# Is Merlin still making frames?



## lemond2001 (Nov 22, 2001)

Their website is still not set up to 2008 models and some retailers have dropped their bikes. So was wondering if they are still making bicycles?


----------



## Retro Grouch (Apr 30, 2002)

I received a early spring Colorado Cyclist catalog in the mail on Friday and it shows a few Merlin models. In fact, there's even a carbon fiber Merlin fameset listed.

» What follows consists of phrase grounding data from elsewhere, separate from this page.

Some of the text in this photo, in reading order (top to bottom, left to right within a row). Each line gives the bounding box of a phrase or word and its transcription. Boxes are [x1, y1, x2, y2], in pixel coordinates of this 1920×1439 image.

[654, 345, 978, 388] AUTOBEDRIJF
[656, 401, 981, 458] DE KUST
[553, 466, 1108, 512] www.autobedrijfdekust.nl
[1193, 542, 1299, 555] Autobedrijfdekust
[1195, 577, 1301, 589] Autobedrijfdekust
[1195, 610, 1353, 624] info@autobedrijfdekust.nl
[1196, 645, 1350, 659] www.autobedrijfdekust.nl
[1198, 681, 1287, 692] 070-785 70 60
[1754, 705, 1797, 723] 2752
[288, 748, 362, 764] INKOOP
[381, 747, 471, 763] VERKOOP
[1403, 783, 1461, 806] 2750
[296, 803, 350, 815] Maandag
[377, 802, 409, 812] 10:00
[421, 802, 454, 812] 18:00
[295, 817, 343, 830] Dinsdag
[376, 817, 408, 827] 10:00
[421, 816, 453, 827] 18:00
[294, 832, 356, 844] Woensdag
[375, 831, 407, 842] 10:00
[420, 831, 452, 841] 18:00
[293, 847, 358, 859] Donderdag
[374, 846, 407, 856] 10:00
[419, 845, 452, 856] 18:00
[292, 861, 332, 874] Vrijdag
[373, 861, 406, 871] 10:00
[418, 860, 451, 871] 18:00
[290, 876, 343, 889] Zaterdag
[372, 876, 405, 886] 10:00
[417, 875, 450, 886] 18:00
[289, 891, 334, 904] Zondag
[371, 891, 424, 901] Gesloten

http://www.coloradocyclist.com/product/display/10154/

Not one follow Merlin very closely, I can't say if these are new 2008 offerings or just leftover 2007 frames.


----------



## jgandionco (Dec 28, 2005)

I emailed them a few weeks ago about updated website, they said they were trying to find someone to redesign the website.


----------



## teoteoteo (Sep 8, 2002)

lemond2001 said:


> Their website is still not set up to 2008 models and some retailers have dropped their bikes. So was wondering if they are still making bicycles?



Very much alive. They no longer have year models on bikes though so you won't see 2007/2008/2009 assigned to the bikes. Similar to what companies like Santa Cruz have done. The website will change and you will see new models from them but they won't call the bikes the 2008 Merlin Extralight or Works CR.


----------



## RJHarary (Nov 8, 2007)

The carbon Merlin is from 06 I believe


----------



## Topher (Jun 5, 2005)

Yes - I just got a CR works frame about four weeks ago... hope to hang parts on it in the next couple weeks.


----------



## RickC5 (Apr 26, 2002)

RJHarary said:


> The carbon Merlin is from 06 I believe


Yep, '06 was the last year Merlin made any carbon frames or any frames with carbon components/tubes (like the Cielo). 

At this time, they only make Ti frames, and only in a couple of their "more popular" styles. In early '07, they went through a complete business re-think and decided to focus only on what they felt they do best: Ti frames.

Time will tell if that was a good decision or not. IMHO, they have faded a bit from the marketplace.

BTW- I own a Cielo and a Cyrene and think they are both outstanding bikes!


----------